Главная квартира Наполеона переведена в Кремль. Французский император делится с Коленкуром восхищением от теплого русского климата: осенью в Москве теплее и суше, чем в Фонтенбло. Коленкур пытается разочаровать Наполеона; напрасно.
И тут — самое время «достроить», довести до логического итога давно уже намечавшуюся параллель.

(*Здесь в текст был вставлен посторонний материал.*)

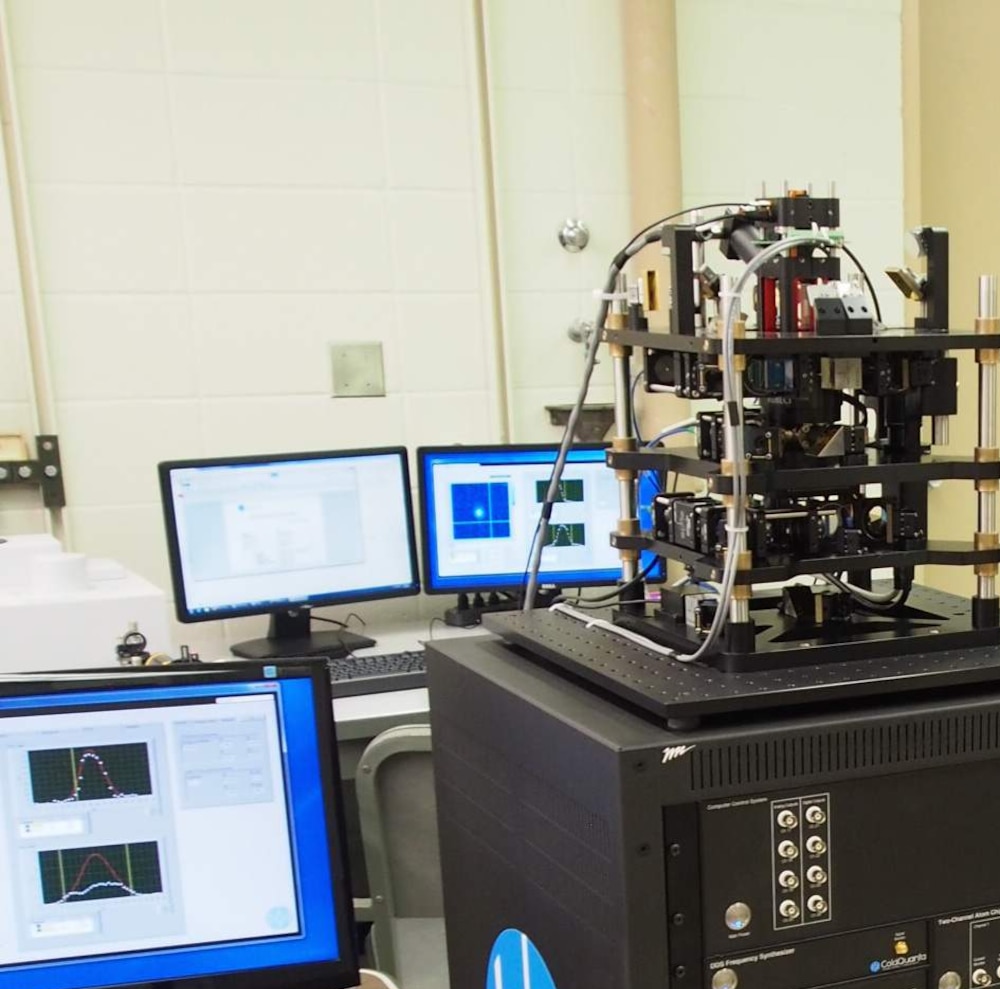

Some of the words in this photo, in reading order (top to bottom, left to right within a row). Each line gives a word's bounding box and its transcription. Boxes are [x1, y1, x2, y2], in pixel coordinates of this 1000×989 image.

Александру Павловичу не было года, в ноябре 1778-го, когда в Саровский мужской монастырь поступил новый послушник — Прохор Мошнин, которому предстоит войти в историю русской святости под именем Серафима Саровского, «всея России чудотворца»; почитать его будут наравне с Николой Угодником и Сергием Радонежским. Александру Павловичу не исполнилось шести лет, когда (в 1783-м) тяжкоболящему Прохору явилась Пресвятая Богородица и исцелила его. Семнадцатилетний Александр Павлович переживал разлуку с Лагарпом, когда Мошнин (уже посвященный в сан инока с именем Серафим), после явления ему Господа Иисуса Христа, начал тысячедневный подвиг поста и столпничества, так не похожий на салонное искание тысячелетнего царства при дворцовых свечах… В сентябре 1804-го, когда Александр Павлович еще не до конца оправился от двух почти одновременно настигших его ударов — оскорбительного письма Талейрана и вести о провозглашении его извечного конкурента Наполеона императором, отец Серафим претерпел поругание от разбойников; едва остался жив; лицезрел Пресвятую Богородицу; получил чудесное исцеление; навсегда остался согбенным. В мае же 1810-го, как раз когда Александру был подан рескрипт Барклая-де-Толли «О защите западных пределов России», а Михаила Сперанский заканчивал подготовку проекта организации Императорского Царскосельского лицея, отец Серафим ушел в пятилетний затвор, исчез из обозримого исторического пространства — и затем как бы пропустил все славное царствование Александра Павловича. Сначала в пустынножительстве, затем в полном, потом в частичном затворе, наконец, в молчальничестве. А полностью вышел он из затвора и начал проповедовать спустя шесть дней после прекращения «царских полномочий» Александра и за два дня до получения в столице известия об этом печальном событии.